И это «я» не созерцается, но переживается, это не мой объект, но это я сам. Это то «я», каким я являюсь и себя чувствую в созерцании эстетического объекта: оно может быть названо воображаемым, если «я», живущее в мире действительности и его интересов, называть — как это делалось выше — реальным. Но оно все же и реально. Это фактически или реально пребывающее в созерцаемо-прекрасном и переживающее его содержания «я».
И эстетическое чувство ценности есть чувство ценности этого «я». Это мое непосредственное чувство активности, чувство силы, величия, размаха, свободы. Одним словом, это ощущения моего «я» или, вернее, один из его видов. Но это чувство несамопроизвольно, т. е. оно обусловливается не мотивами и основаниями, лежащими во мне, но его вызывает созерцание эстетического объекта, и поэтому оно кажется связанным с ним, к нему относящимся. В этом смысле оно — объективированное чувство моего «я».
Наслаждение прекрасным есть поэтому объективированное самонаслаждение.
Я наслаждаюсь в созерцании могучего утеса своей собственной, но объективированной силой; я наслаждаюсь могучим внутренним напряжением, интенсивностью внутренней активности, которая вызывается во мне видом утеса и которая именно поэтому вместе с тем кажется мне его силой и могуществом. Я наслаждаюсь в этом утесе собой, этим утесом преображенным, т. е. собой таковым, каким я действительно становлюсь, созерцая утес и сливаясь в созерцании с ним.

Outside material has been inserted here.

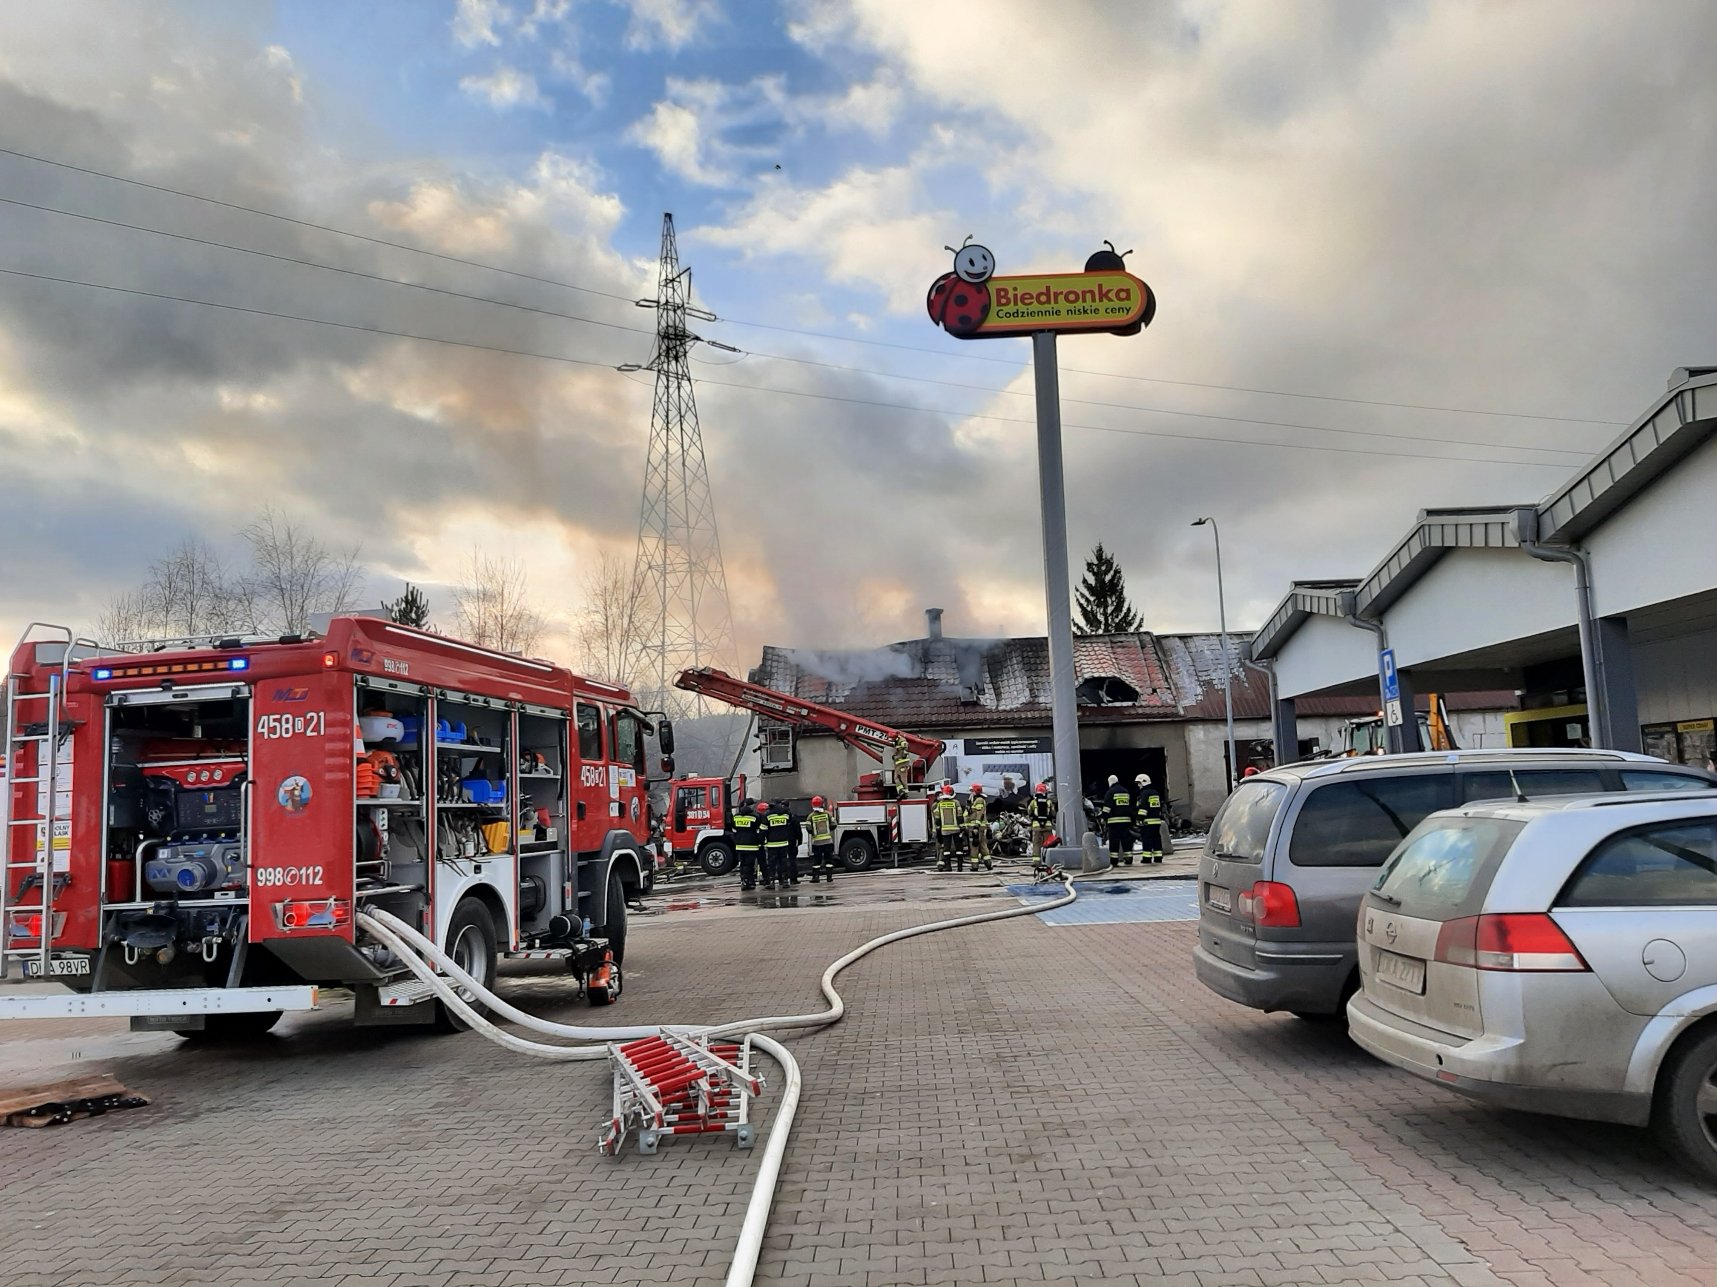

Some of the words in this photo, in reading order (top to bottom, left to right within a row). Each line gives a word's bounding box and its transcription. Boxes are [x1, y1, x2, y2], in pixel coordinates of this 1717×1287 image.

Всякое эстетическое наслаждение есть наслаждение своим собственным «я», объективированным, обогащенным созерцанием, поднятым над самим собой, т. е. над повседневным или реальным «я». Выше мы называли это «я» воображаемым (ideeles), но оно должно быть, конечно, вместе с тем и более или менее идеальным (ideales).
VI. Искусство
Таковы общие предпосылки созерцания и оценки красоты в природе и в искусстве. Но кроме них в искусстве есть некоторые особые. Своеобразная сущность искусства состоит в том, что оно делает такое созерцание и оценку необходимым.
Этого оно достигает прежде всего тем, что оно само объективно выделяет эстетический объект из общей связи реального мира, а не предоставляет это делать созерцающему субъекту. А это, в свою очередь, достигается тем, что изображаемая в искусстве жизнь кажется перенесенной в другую плоскость, чуждую реальности этой жизни, — в плоскость искусства.
Пластическое искусство, например, переносит формы человеческого тела и вместе с тем и человеческую жизнь на безжизненный камень или бронзу; живопись передает телесное в цветных пигментах на полотне; музыка связывает внутренние переживания со звуками; поэзия переносит связь поступков и действий в мир, который должен быть с первого же взгляда (unmittelbar) признан миром фантазии; театр, наконец, загоняет мир на подмостки, которые должны быть равноценными ему, но от которого они вместе с тем достаточно отчетливо отличаются. В этом извлечении изображаемого из мира действительности и в этом перенесении в плоскость, всякой действительности безусловно чуждую, — плоскость чистого эстетического созерцания — заключается сущность всякого художественного изображения.